Per-sandbox logs

Cube’s SDK calls GET /sandboxes/:id/logs and expects a paginated list of recent log lines. Until this release our route returned []. The missing piece wasn’t a FreeBSD primitive — the jail’s own stdout + stderr are right there on the jexec’d child’s pipes — it was the host-side plumbing to keep a bounded recent-history window per sandbox. This page describes the ring buffer, the source/stream attribution, the jexec tail fallback, and the CLI’s —follow poll.

The ring buffer

Every Sandbox owns an Arc<LogBuffer> (see e2b-compat/src/state.rs). The buffer is a bounded VecDeque<LogLine> with drop-oldest overflow; the default cap is 1024 entries (~1 MiB upper bound on a chatty Python process, which is fine next to the 512 MiB default sandbox memory budget). A latching truncated flag flips to true the first time the buffer evicts, so callers can tell I have the full history from this is a recent window.

Each entry carries four fields:

pub struct LogLine {
    pub ts:     DateTime<Utc>,   // RFC3339 on the wire
    pub source: String,           // "kernel" | "exec" | "jail" | "syslog"
    pub stream: String,           // "stdout" | "stderr"
    pub text:   String,           // trailing newline stripped
}

source names the producer. Today the one wired path is “kernel”kernel::spawn_kernel now pipes the ipykernel’s stdout and stderr (previously /dev/null) and spawns two tokio line readers that push into the buffer as each line arrives. “exec” and “jail” are reserved for the equivalent plumbing on the shell-command and jail- init paths; “syslog” is the fallback described below.

The endpoint

GET /sandboxes/:id/logs and GET /v2/sandboxes/:id/logs share one response shape:

{
  "logs": [
    {
      "ts": "2026-04-22T23:45:01.203Z",
      "source": "kernel",
      "stream": "stderr",
      "text": "NOTE: /tmp/ipykernel.lock already held"
    },
    {
      "ts": "2026-04-22T23:45:01.301Z",
      "source": "kernel",
      "stream": "stdout",
      "text": "42"
    }
  ],
  "truncated": false
}

Two query params shape the window:

An unknown sandbox id returns 404 with the same envelope the rest of the lifecycle handlers use.

The syslog fallback

If the in-memory buffer is empty and the caller didn’t pass ?since=, the handler runs jexec e2b-<id> tail -n <limit|200> /var/log/messages and wraps each line as source=“syslog”, stream=“stdout”, ts=now. We don’t try to parse the FreeBSD syslog timestamp format — the handler contract is what’s in the buffer, not authoritative history. The fallback is best-effort: any failure (jail gone, file missing) just returns an empty Vec rather than an HTTP 500.

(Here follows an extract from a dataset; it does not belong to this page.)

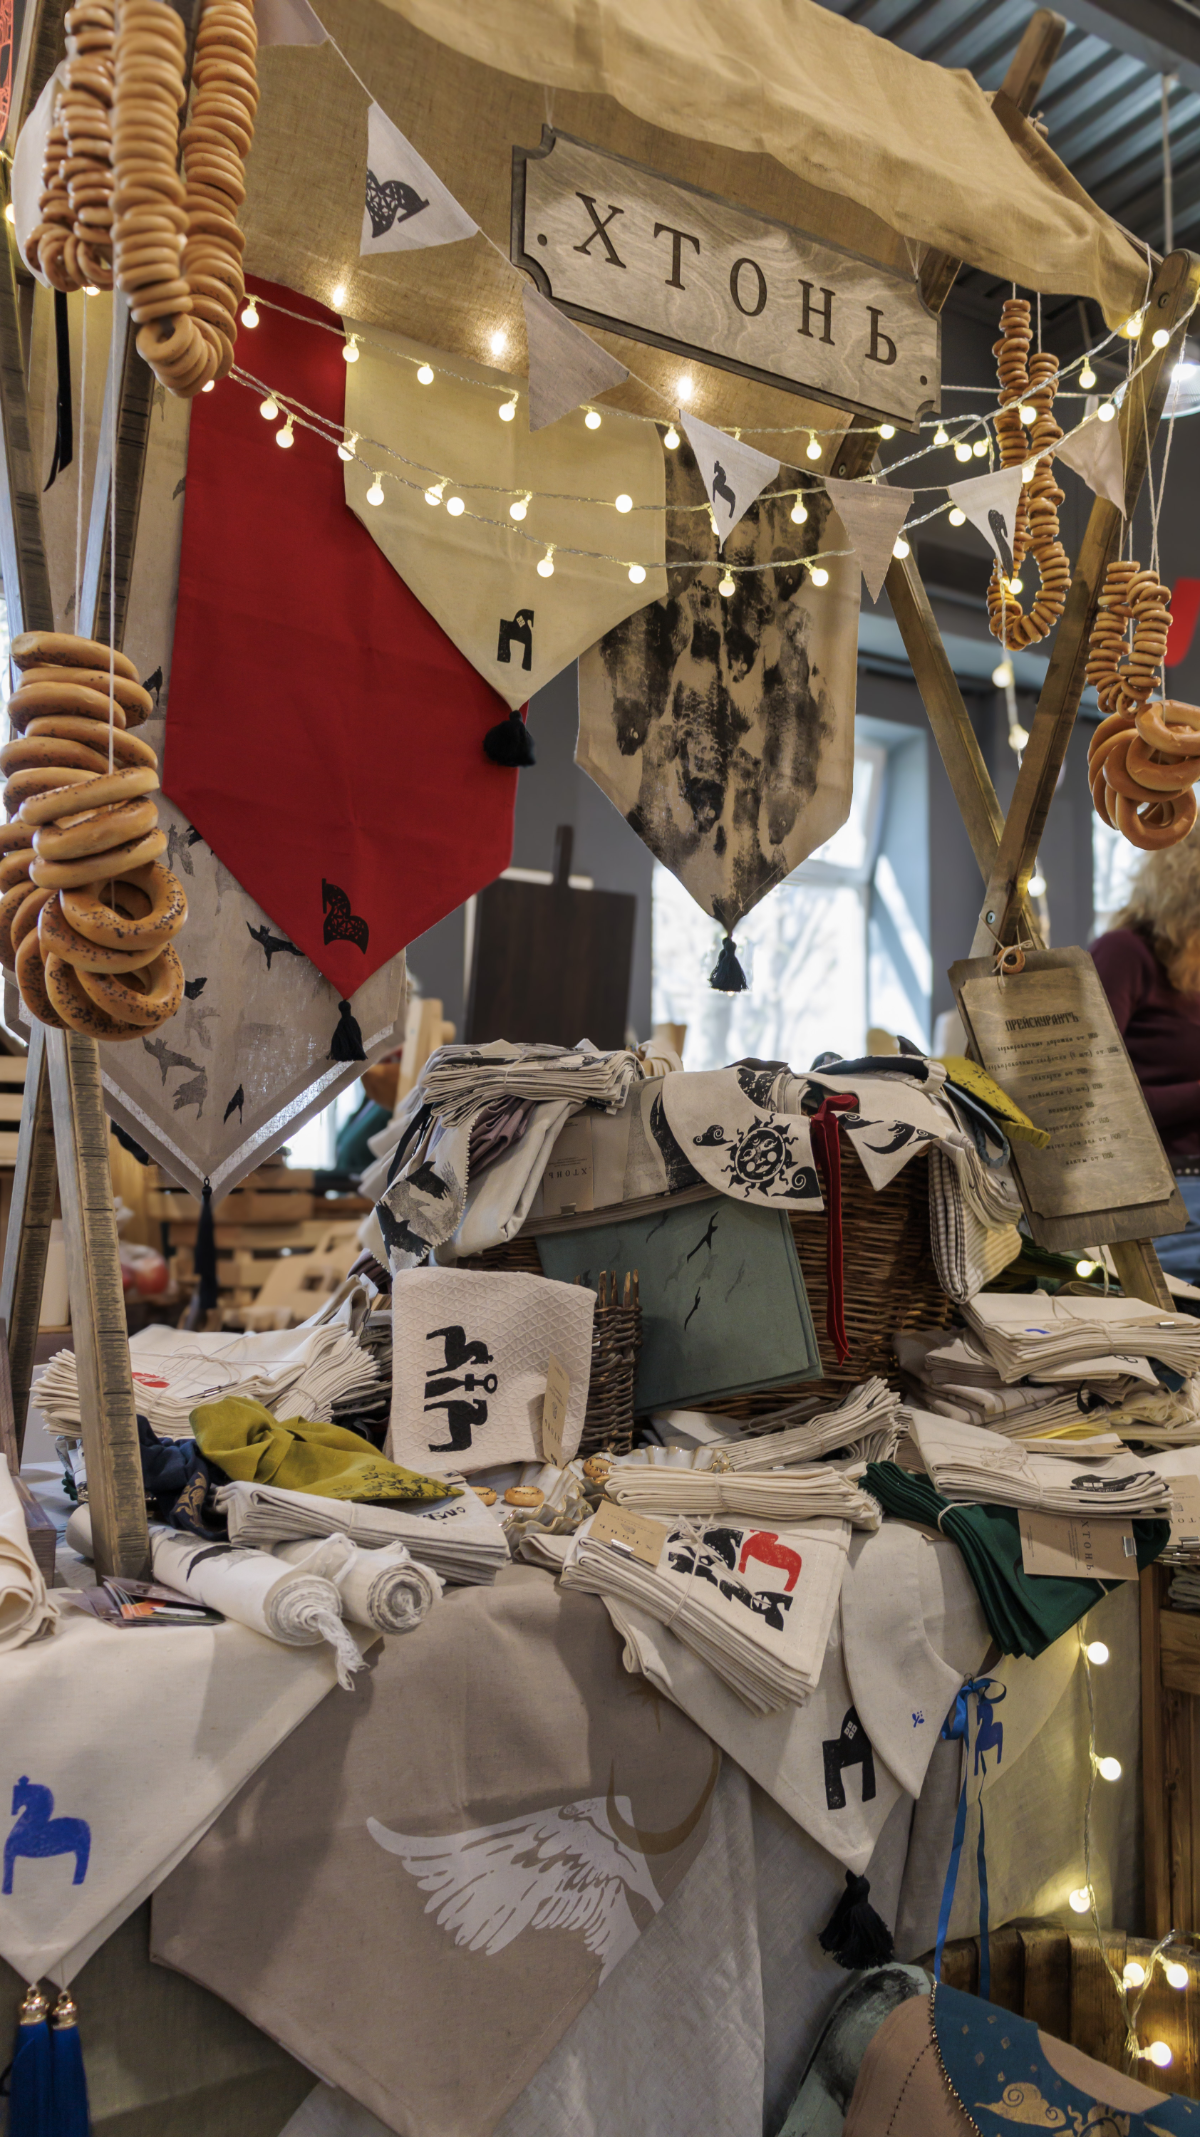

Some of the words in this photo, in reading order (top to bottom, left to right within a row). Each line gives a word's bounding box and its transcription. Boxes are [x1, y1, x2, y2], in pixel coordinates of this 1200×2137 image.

The fallback only fires on the empty + no-since case deliberately. A tail-polling client that sends ?since=<last_ts> every two seconds would otherwise receive the same /var/log/messages chunk on every tick, which defeats the point of the filter.

The counter

Each push() bumps coppice_sandbox_log_lines_total{sandbox,template}, a per-sandbox counter rendered in the existing per-sandbox block on /metrics. Cardinality is bounded — the counter is removed on sandbox teardown, same path that drops the sampler reading. rate(coppice_sandbox_log_lines_total[1m]) tells you how chatty a sandbox is without having to pull the buffer itself.

The CLI

coppice sandbox logs <id> formats each line as [ts] source/stream: text and exits. —json emits the raw gateway envelope. —limit N defaults to 100; —since 5m accepts s/m/h/d suffixes and resolves to an RFC3339 cutoff relative to now.

—follow polls every 2 s, carrying the newest ts it saw across iterations and re-querying with ?since=<that> so the same line doesn’t print twice. Exits on Ctrl-C (no installed signal handler — blocking stdio lets SIGINT kill the process). Transient HTTP errors warn on stderr and retry; 404 terminates cleanly.

This is the same shape kubectl logs -f uses. It isn’t a streaming endpoint — that would want a WebSocket or SSE — but for tail my sandbox while I iterate it’s the right ergonomic cost for the implementation effort: zero extra gateway code, one poll loop in the CLI.

Cost

The ring buffer is one std::sync::RwLock<VecDeque> plus two atomic counters per sandbox. push() is O(1); snapshot() copies into a new Vec for the response, also O(n) in the number of buffered lines. At the 1024-cap default a full snapshot is under 100 microseconds on a warm host.

The tokio line readers survive until the child pipe EOFs (kernel exited), so the long-running cost is two blocked tokio tasks per live sandbox — which, at tokio’s scheduling model, is free until one of them has bytes to read.